Prime Minister Hun Sen noted last week that some leaders who attended the meetings objected to being seated near their rivals, but he said that the participants had mostly understood the situation as Cambodia is hosting the meeting during a time of unprecedented complexity in global politics.
“Even the seating arrangements were hard to figure out due to the conflict in some regions of Europe. So, the seats had to be separated from each other and it was not easy,” he said, adding that Cambodia nevertheless managed to do it.
Kin Phea, director of the Royal Academy of Cambodia’s International Relations Institute, said Cambodia generally had positive takeaways from the summit as its host, ranging from the successful preparations, excellent hospitality provided to the dignitaries and the smooth handling of diplomatic protocols.
He said Cambodia has now proven that it has an advanced capacity to facilitate and manage these high-level diplomatic meetings and manage to produce a joint statement as a result of each of them, which is no easy task in today’s geopolitical environment.
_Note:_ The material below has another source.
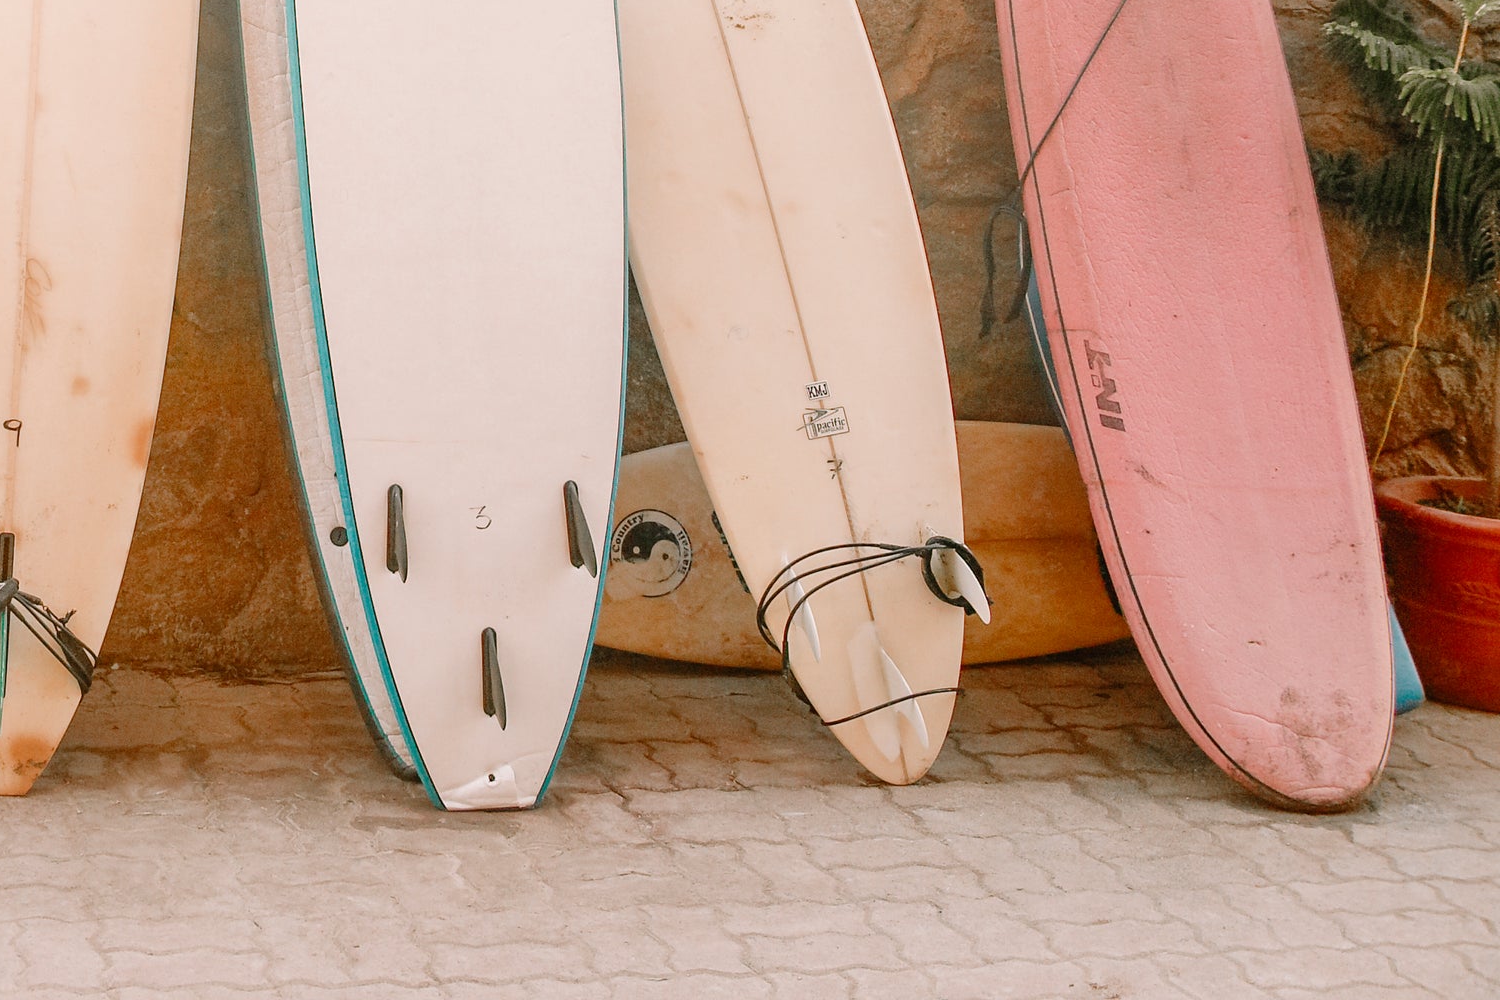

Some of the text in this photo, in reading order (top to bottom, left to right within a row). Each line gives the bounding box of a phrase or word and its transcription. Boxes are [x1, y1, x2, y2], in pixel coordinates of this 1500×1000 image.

“The meeting showed Cambodia’s clear stance as the ASEAN chair in favour of building the ASEAN community and maintaining ASEAN Centrality, which is the chair’s most important role,” he said, adding that the Kingdom’s profile has also been raised accordingly.
Regarding the Taiwan issue, Phea said Cambodia and ASEAN had dealt with it in a smart way through a statement which was acceptable to the US, China and Russia, while also making clear ASEAN’s core interests in diffusing tensions and its preference for peaceful negotiations rather than armed conflict.
“We see a degree of unity and solidarity among ASEAN members which is unprecedented. It seems that they have found common positions on many aspects and issues, such as that of Myanmar, in which a clear and strong statement was released telling the SAC that it must change course or the bloc will reconsider its position and attitude,” he said.